Gradient descent sounds good on paper, but there is a big issue in practice.
For complex functions like training losses for neural networks, calculating the gradient is computationally very expensive.
What makes it possible? For one, stochastic gradient descent!
🧵 👇🏽
When you have a lot of data, calculating the gradient of the loss involves the computation of a large sum.
Think about it: if 𝑥ᵢ denotes the data and 𝑤 denotes the weights, the loss function takes the form below.
Not only do we have to add a bunch of numbers together, but we have to find the gradient of each loss term.
For example, if the model contains 10 000 parameters and 1 000 000 data points, we need to compute 10 000 x 1 000 000 = 10¹⁰ derivatives.
This can take a LOT of time.
Do we need to calculate all the derivatives, though?
Not really.
Note that the total loss is, in fact, the average of individual losses. For lots of terms, a smaller subset approximates the true average with good precision! (Close data points have similar losses, etc.)

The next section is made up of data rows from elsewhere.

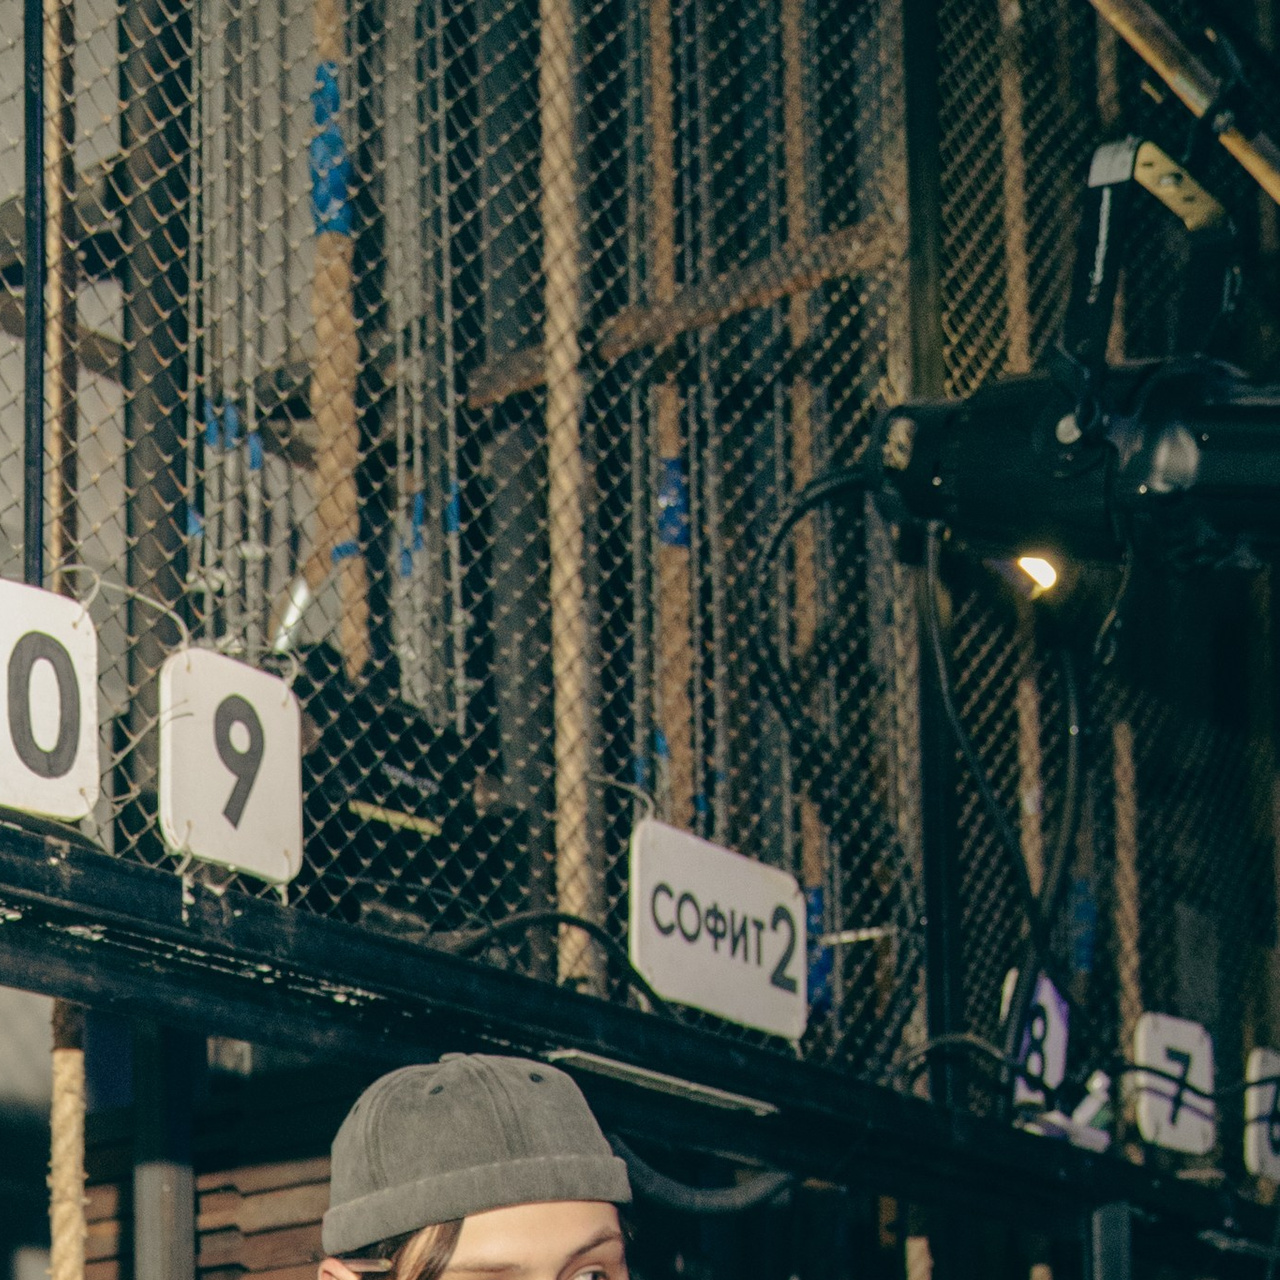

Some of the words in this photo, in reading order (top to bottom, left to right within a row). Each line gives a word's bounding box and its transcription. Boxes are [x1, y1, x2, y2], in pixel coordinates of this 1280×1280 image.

[213, 693, 265, 830] 9
[651, 882, 765, 967] СОФИТ
[770, 904, 799, 996] 2
[1165, 1046, 1191, 1126] 7
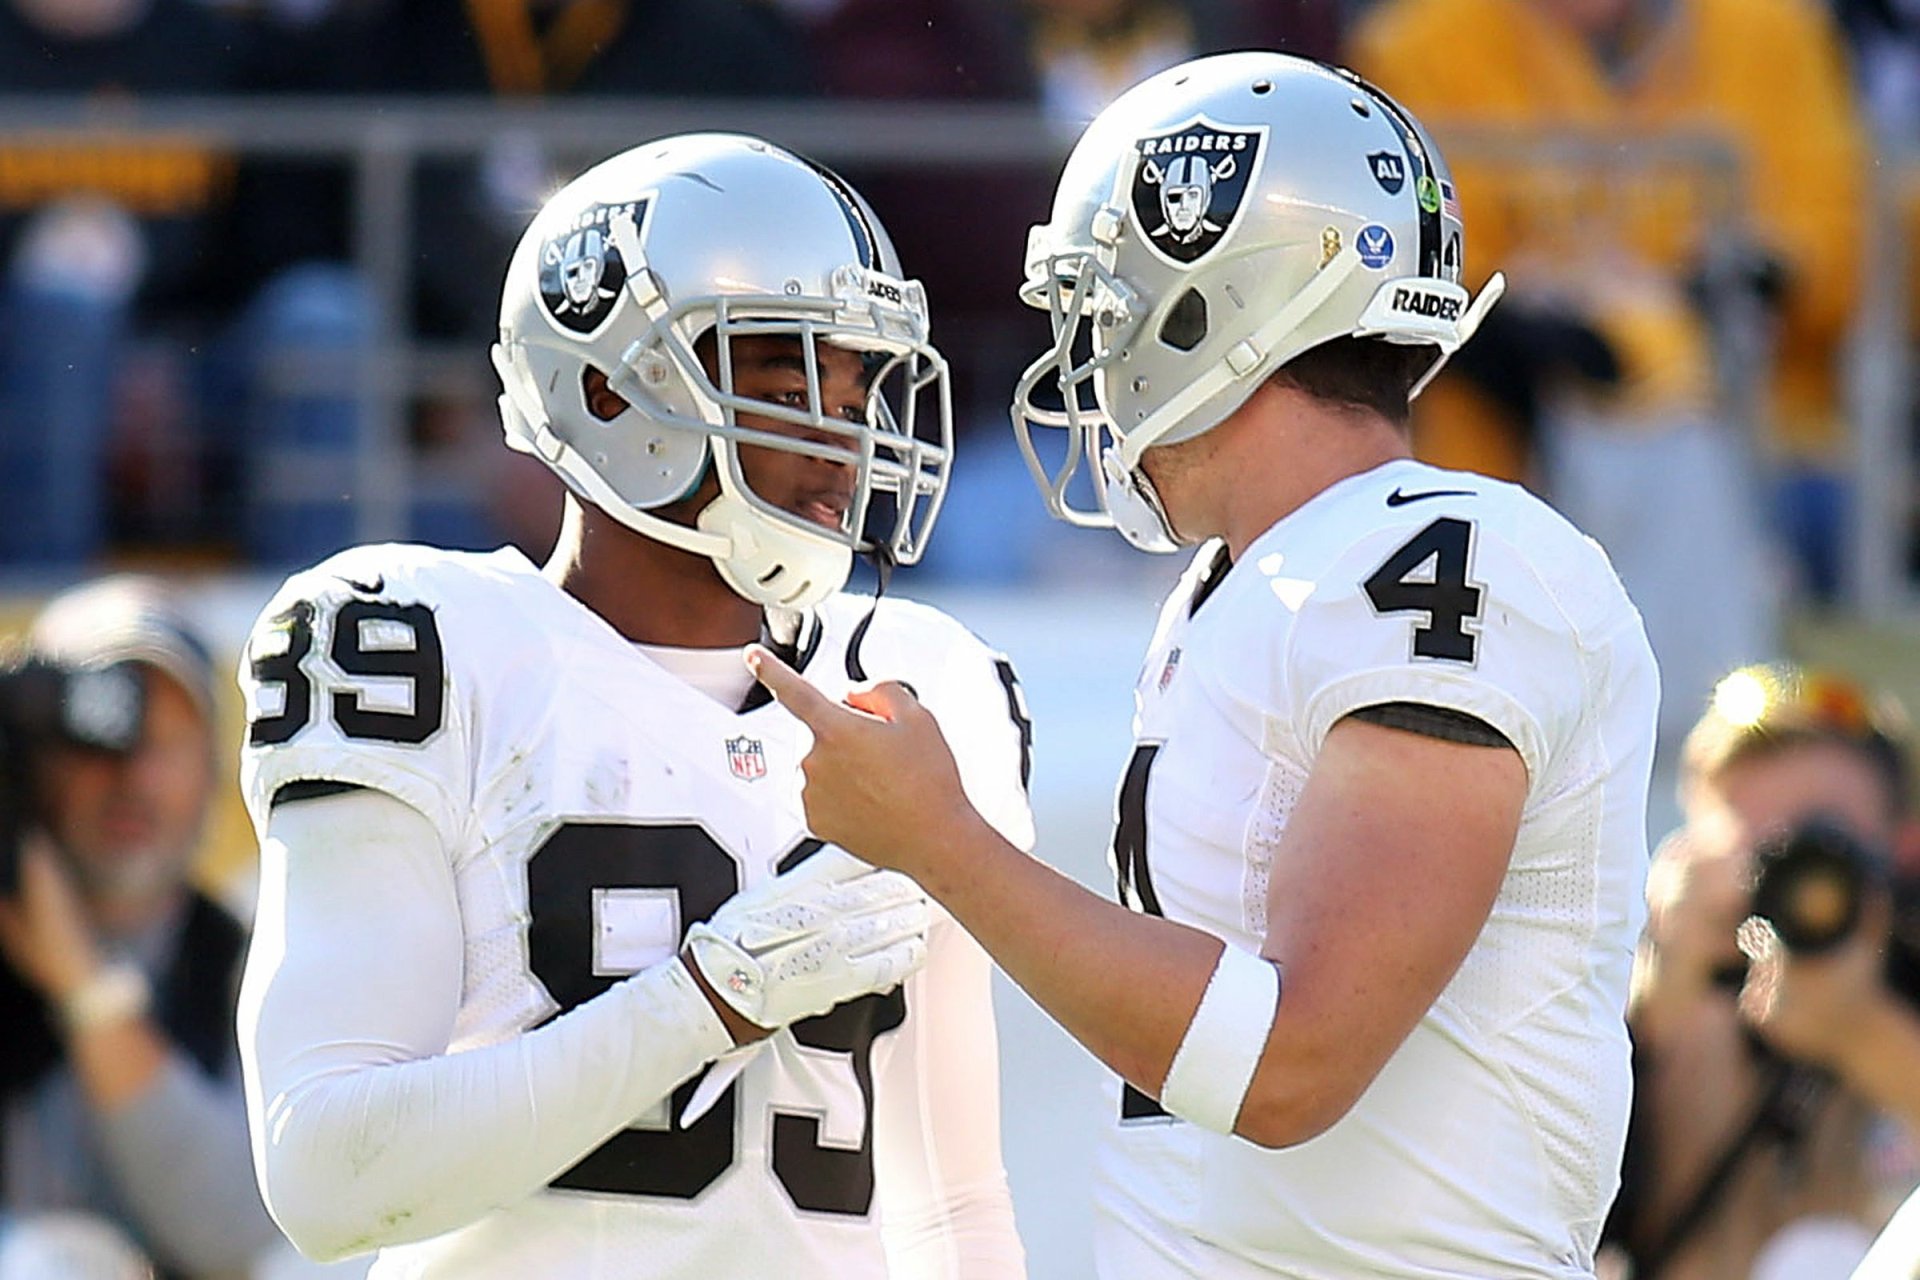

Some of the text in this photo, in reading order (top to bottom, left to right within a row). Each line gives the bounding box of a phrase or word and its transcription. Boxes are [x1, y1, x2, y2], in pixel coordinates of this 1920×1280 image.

[1143, 134, 1247, 156] RAIDERS
[1377, 160, 1402, 179] AL
[1364, 517, 1481, 662] 4
[731, 753, 764, 776] NFL
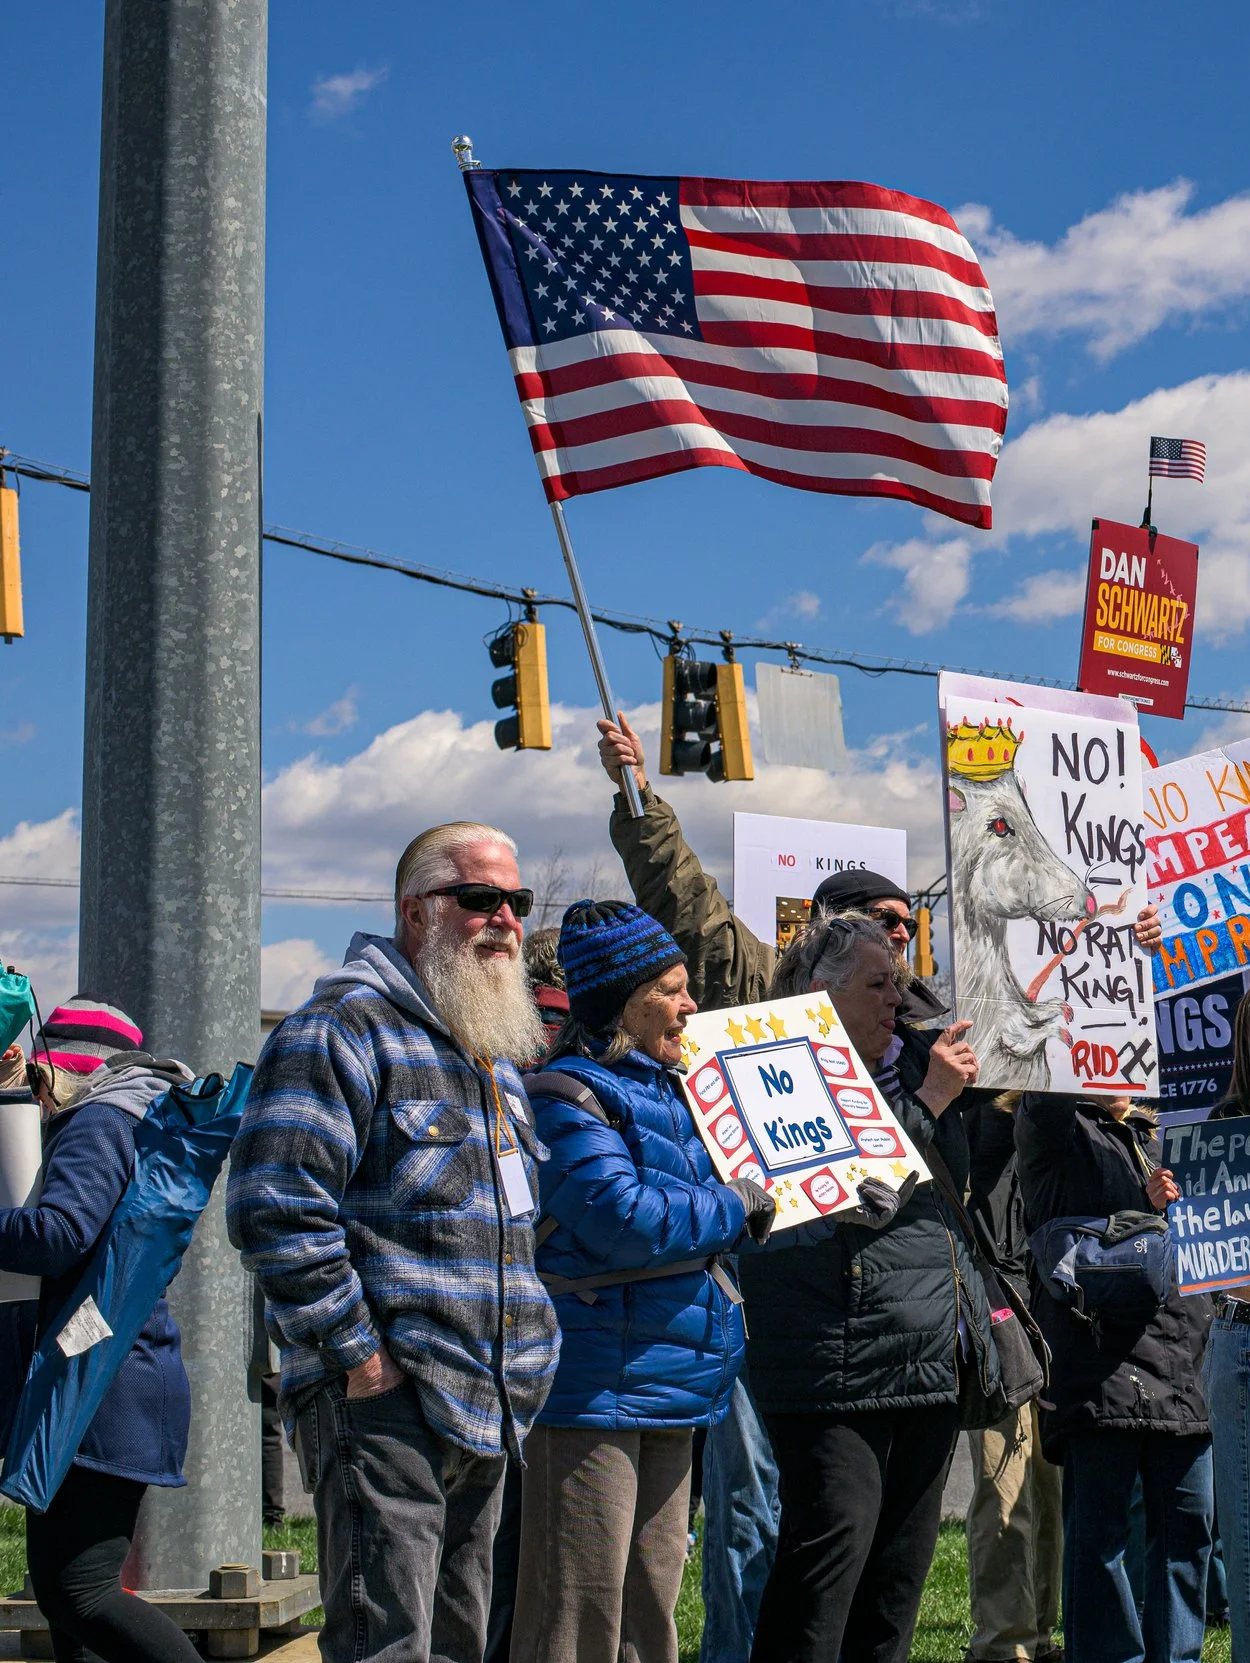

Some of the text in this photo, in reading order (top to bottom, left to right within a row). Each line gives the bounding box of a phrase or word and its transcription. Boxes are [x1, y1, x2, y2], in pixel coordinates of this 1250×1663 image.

[1100, 548, 1146, 588] DAN
[1096, 582, 1188, 644] SCHWARTZ
[1098, 636, 1157, 659] FOR CONGRESS
[1107, 669, 1169, 687] www.schwartzforcongress.com
[1052, 728, 1125, 789] NO!
[1061, 791, 1146, 883] KINGS
[778, 854, 866, 872] NO KINGS
[1030, 914, 1136, 969] NO RAT
[1060, 957, 1148, 1026] KING!
[1154, 994, 1231, 1054] NGS
[758, 1063, 793, 1098] No
[1180, 1078, 1218, 1096] 1776
[764, 1116, 833, 1152] Kings
[1165, 1125, 1225, 1164] The
[1175, 1167, 1206, 1202] id
[1172, 1205, 1221, 1238] the
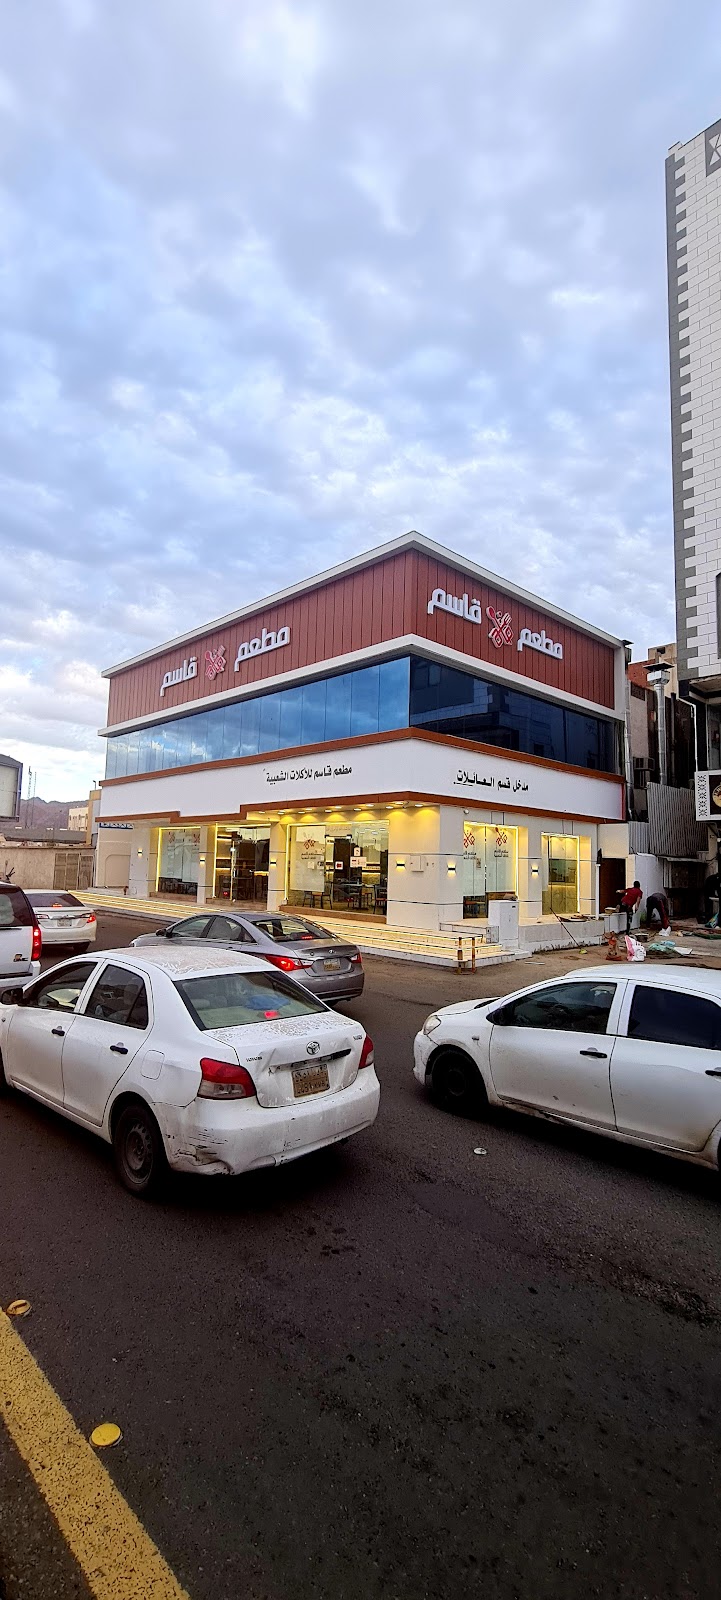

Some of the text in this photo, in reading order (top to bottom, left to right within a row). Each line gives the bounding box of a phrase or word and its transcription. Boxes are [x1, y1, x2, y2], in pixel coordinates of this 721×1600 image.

This is related to the law of large numbers. To approximate the average, you don't need to have all the information!
(If you are not familiar with the law of large numbers, here is a refresher below!)
Stochastic gradient descent simply selects a small subset of the data (might be a single data point) and only calculates the loss and gradient for that subset.
If we leave only 1% of the data, the computation is accelerated by 100 times!
This neat little trick not only makes the training faster, it quite literally makes it possible for large datasets and complex models!